» Exercise directions
Down to the final character, output the records below as they stand.

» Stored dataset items

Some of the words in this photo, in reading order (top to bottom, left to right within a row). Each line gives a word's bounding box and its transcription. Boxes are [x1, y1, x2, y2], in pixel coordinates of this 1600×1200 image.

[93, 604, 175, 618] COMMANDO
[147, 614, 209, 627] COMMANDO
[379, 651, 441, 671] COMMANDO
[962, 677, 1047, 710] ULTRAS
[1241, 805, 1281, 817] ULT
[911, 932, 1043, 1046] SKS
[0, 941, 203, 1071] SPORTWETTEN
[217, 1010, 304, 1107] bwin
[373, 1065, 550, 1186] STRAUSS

» Answer section
Some of the words in this photo, in reading order (top to bottom, left to right within a row). Each line gives a word's bounding box and its transcription. Boxes are [x1, y1, x2, y2], in pixel coordinates of this 1600×1200 image.

[93, 604, 175, 618] COMMANDO
[147, 614, 209, 627] COMMANDO
[379, 651, 441, 671] COMMANDO
[962, 677, 1047, 710] ULTRAS
[1241, 805, 1281, 817] ULT
[911, 932, 1043, 1046] SKS
[0, 941, 203, 1071] SPORTWETTEN
[217, 1010, 304, 1107] bwin
[373, 1065, 550, 1186] STRAUSS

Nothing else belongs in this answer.